| What this task involves |
The full listing should be written out verbatim, and its images should be dropped.

| Input records |
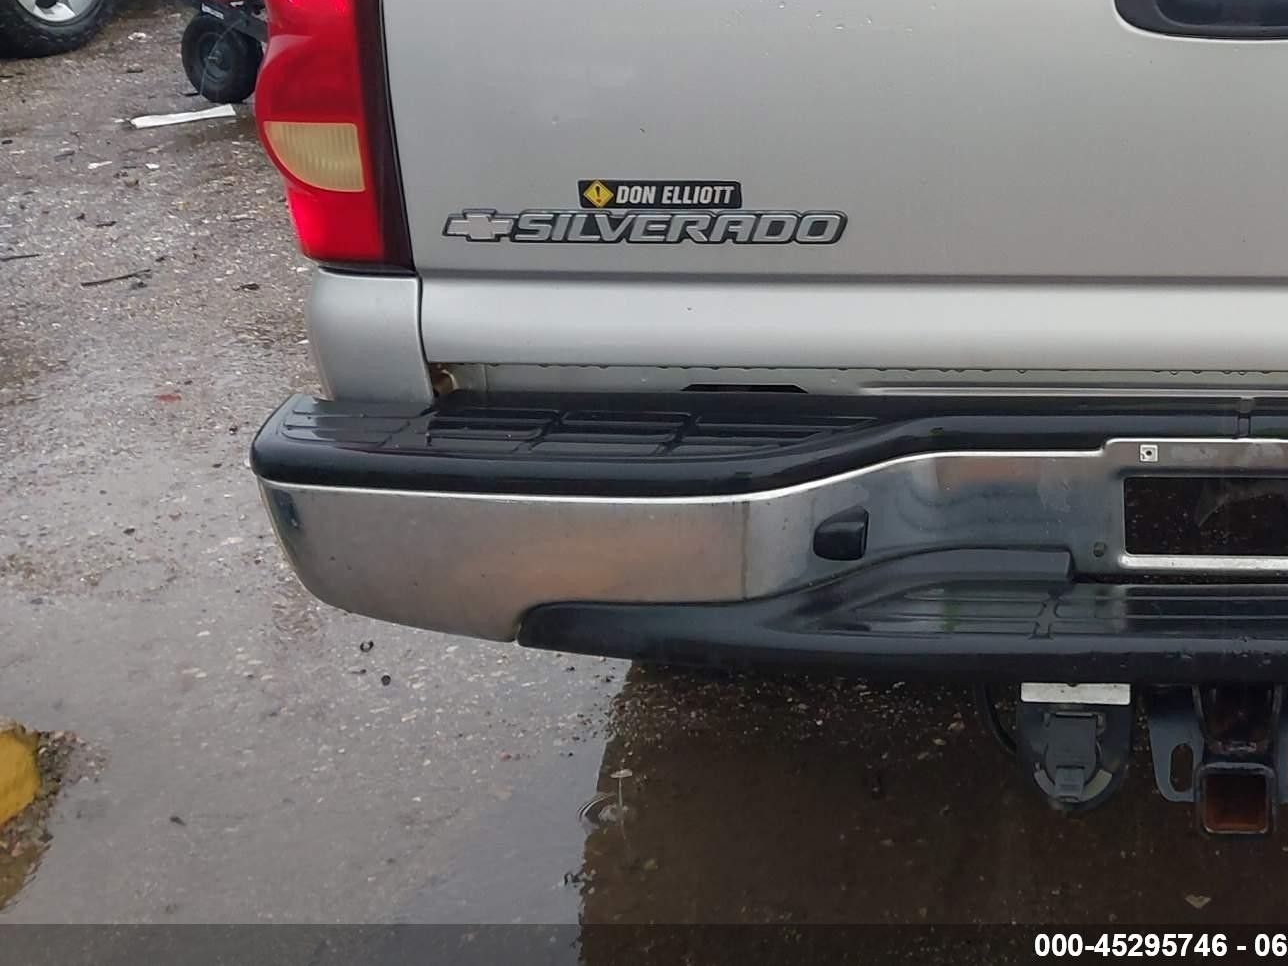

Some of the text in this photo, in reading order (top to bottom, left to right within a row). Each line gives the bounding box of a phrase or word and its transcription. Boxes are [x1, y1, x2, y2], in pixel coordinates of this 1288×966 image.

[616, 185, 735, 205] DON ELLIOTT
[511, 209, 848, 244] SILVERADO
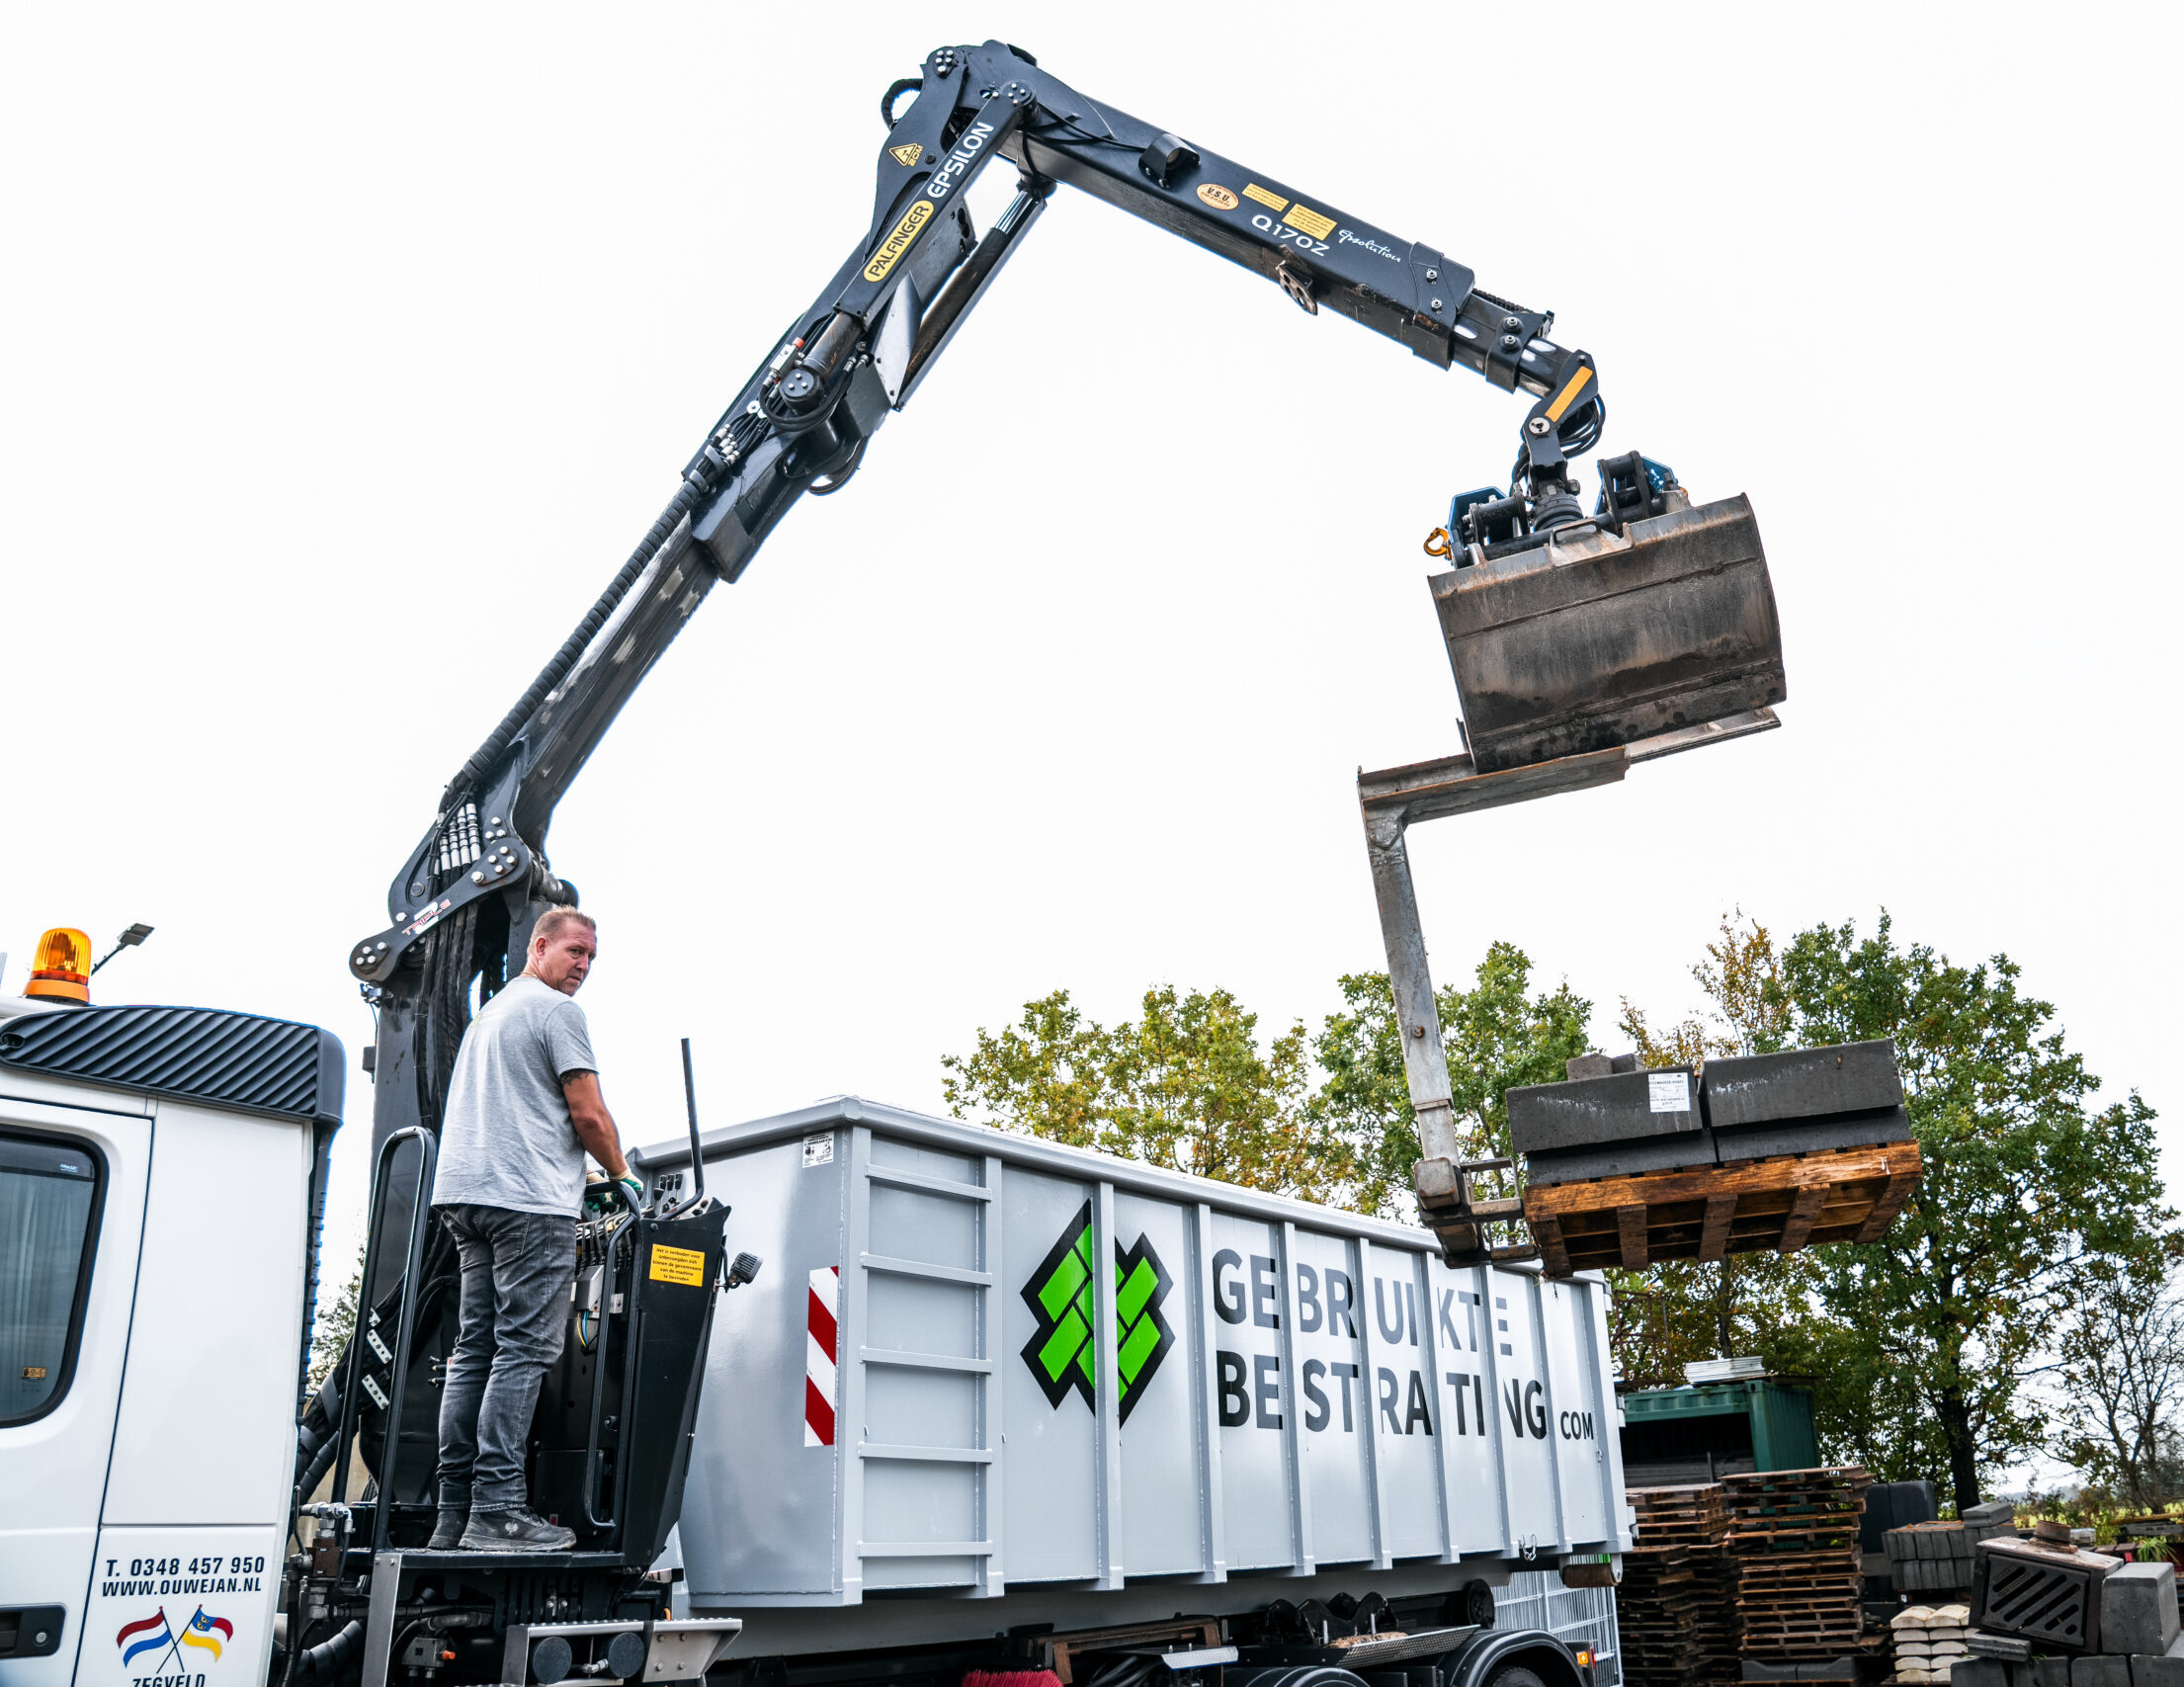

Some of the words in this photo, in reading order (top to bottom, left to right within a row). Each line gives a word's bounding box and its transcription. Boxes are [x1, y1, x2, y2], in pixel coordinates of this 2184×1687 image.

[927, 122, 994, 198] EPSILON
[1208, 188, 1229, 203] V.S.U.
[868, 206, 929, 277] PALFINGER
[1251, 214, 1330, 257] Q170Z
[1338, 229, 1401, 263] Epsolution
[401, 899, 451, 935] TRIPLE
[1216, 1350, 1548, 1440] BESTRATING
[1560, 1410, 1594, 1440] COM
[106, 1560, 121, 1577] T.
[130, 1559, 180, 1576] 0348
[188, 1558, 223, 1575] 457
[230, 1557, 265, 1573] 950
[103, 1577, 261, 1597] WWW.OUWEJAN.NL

| Answer to the problem |
Some of the text in this photo, in reading order (top to bottom, left to right within a row). Each line gives the bounding box of a phrase or word and its transcription. Boxes are [x1, y1, x2, y2], in pixel coordinates of this 1288×966 image.

[616, 185, 735, 205] DON ELLIOTT
[511, 209, 848, 244] SILVERADO

Some of the words in this photo, in reading order (top to bottom, left to right within a row). Each line gives a word's bounding box and its transcription. Boxes are [x1, y1, x2, y2], in pixel coordinates of this 2184×1687 image.

[927, 122, 994, 198] EPSILON
[1208, 188, 1229, 203] V.S.U.
[868, 206, 929, 277] PALFINGER
[1251, 214, 1330, 257] Q170Z
[1338, 229, 1401, 263] Epsolution
[401, 899, 451, 935] TRIPLE
[1216, 1350, 1548, 1440] BESTRATING
[1560, 1410, 1594, 1440] COM
[106, 1560, 121, 1577] T.
[130, 1559, 180, 1576] 0348
[188, 1558, 223, 1575] 457
[230, 1557, 265, 1573] 950
[103, 1577, 261, 1597] WWW.OUWEJAN.NL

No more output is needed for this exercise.